-- Task statement --
Each entry is to be repeated word for word, and the images are to be dropped.

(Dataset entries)
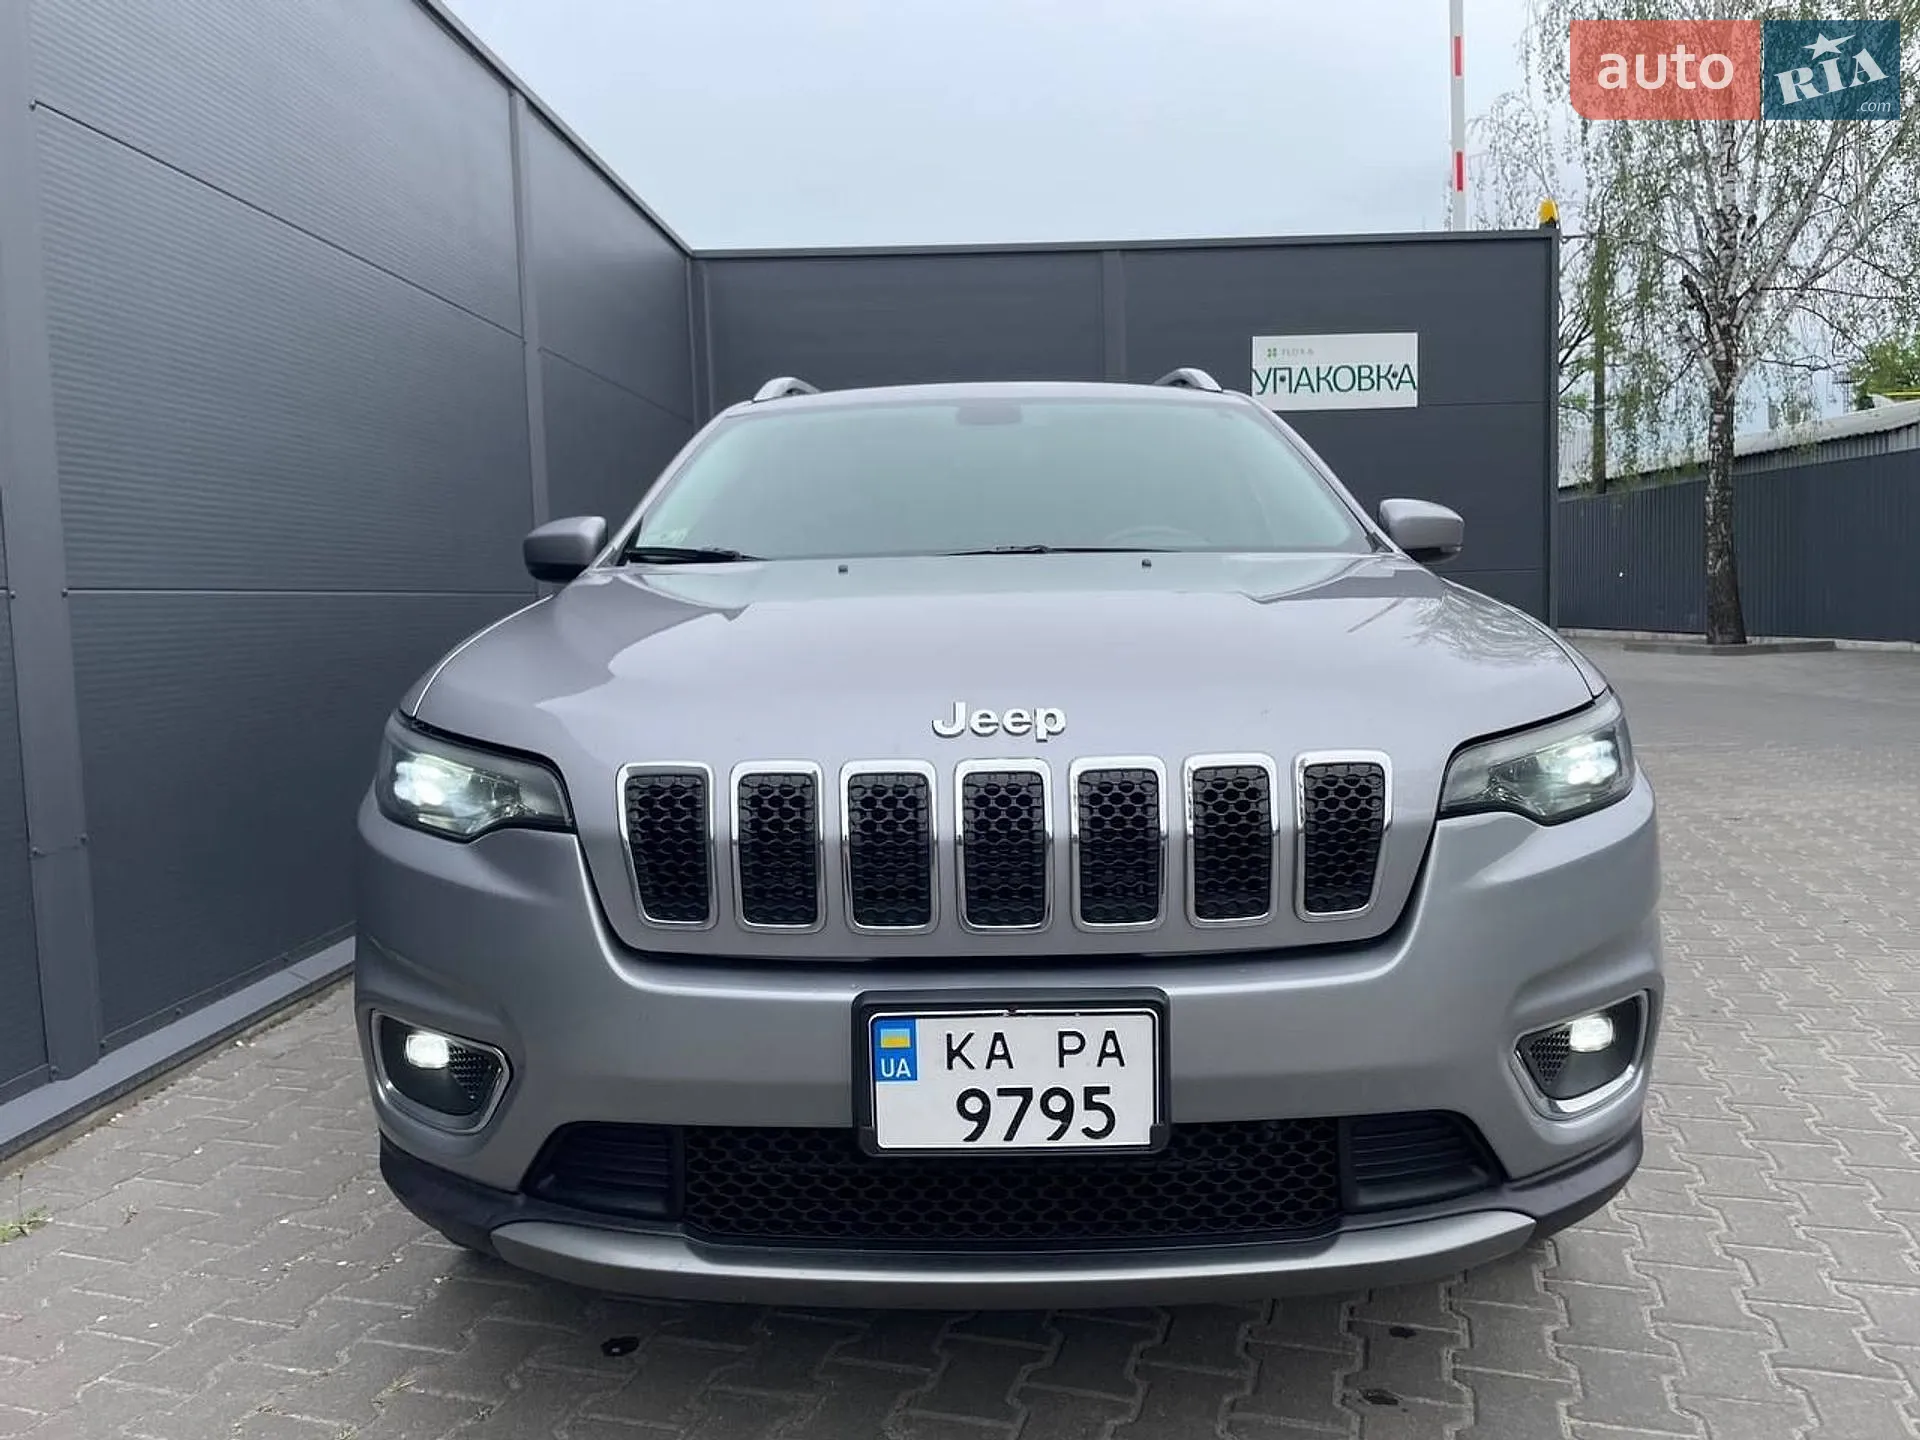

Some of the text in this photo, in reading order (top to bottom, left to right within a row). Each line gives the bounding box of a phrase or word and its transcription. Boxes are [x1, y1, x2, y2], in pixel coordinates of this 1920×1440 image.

[1252, 363, 1417, 395] УПАКОВКА
[932, 701, 1067, 743] Jeep
[880, 1058, 912, 1078] UA
[946, 1030, 1126, 1070] KA PA
[956, 1086, 1116, 1142] 9795
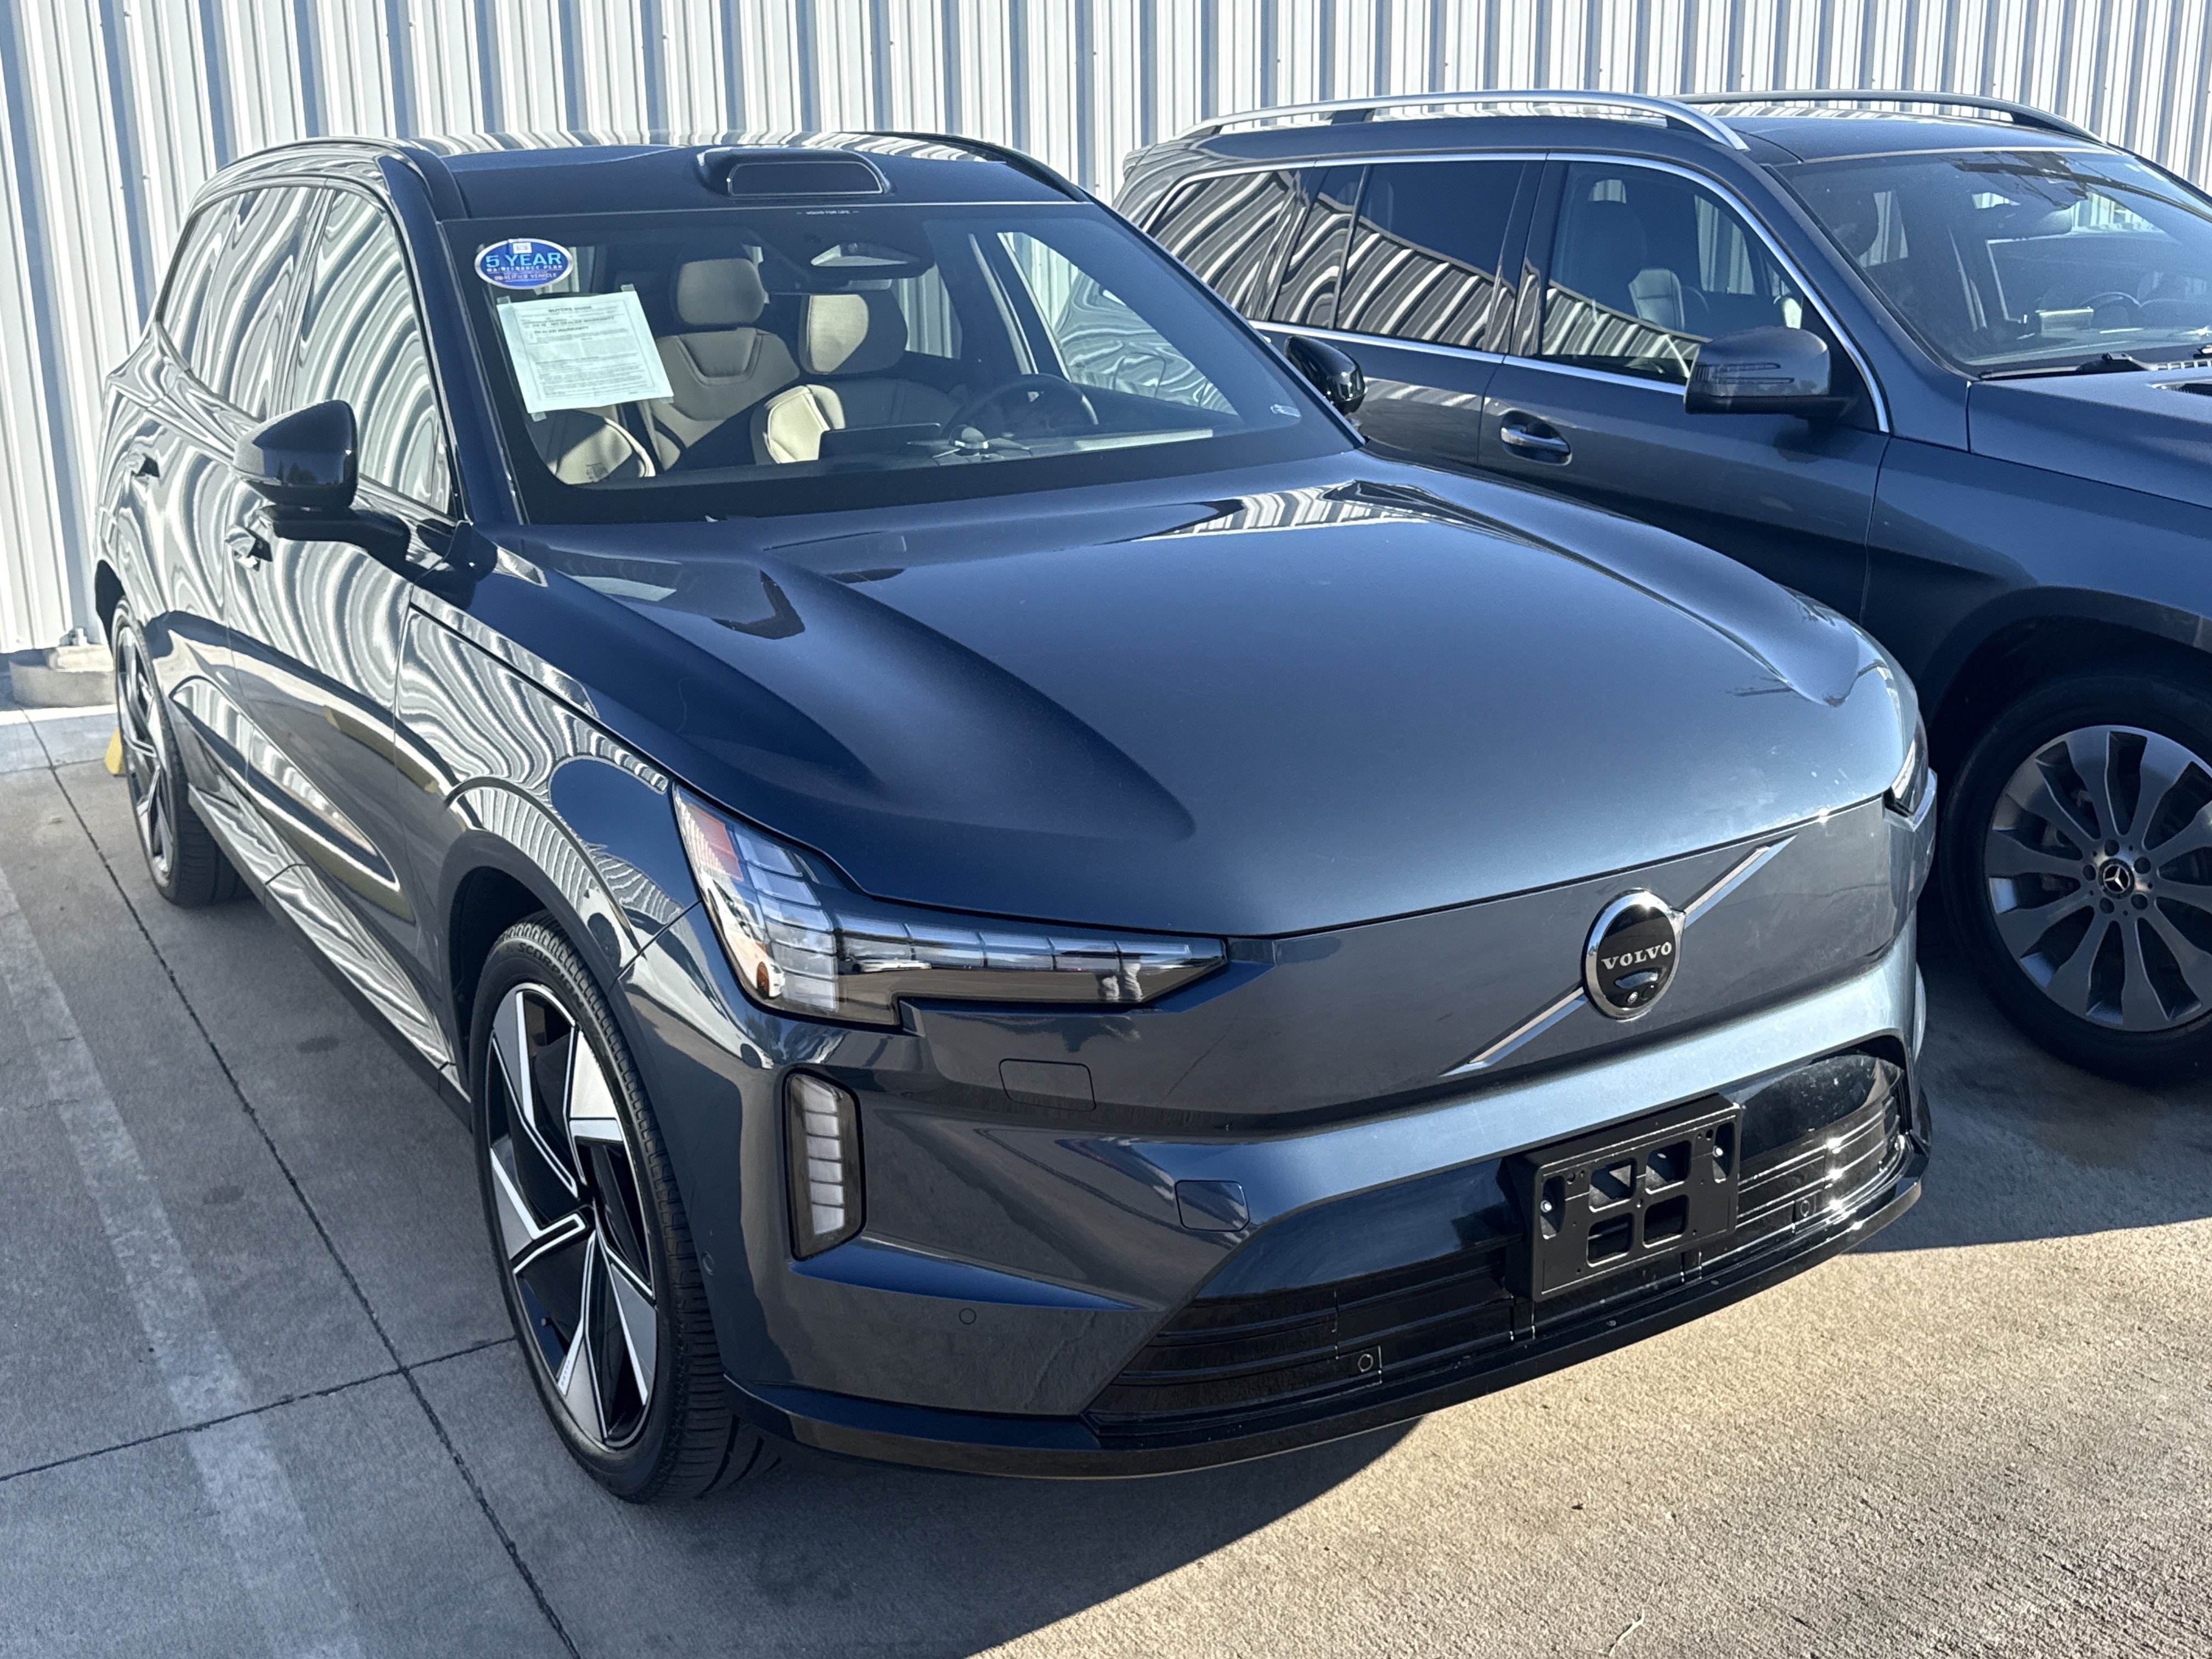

-- Answer --
Some of the text in this photo, in reading order (top to bottom, left to right within a row). Each line gives the bounding box of a phrase or word and its transcription. Boxes are [x1, y1, x2, y2], in pixel coordinates of this 1920×1440 image.

[1252, 363, 1417, 395] УПАКОВКА
[932, 701, 1067, 743] Jeep
[880, 1058, 912, 1078] UA
[946, 1030, 1126, 1070] KA PA
[956, 1086, 1116, 1142] 9795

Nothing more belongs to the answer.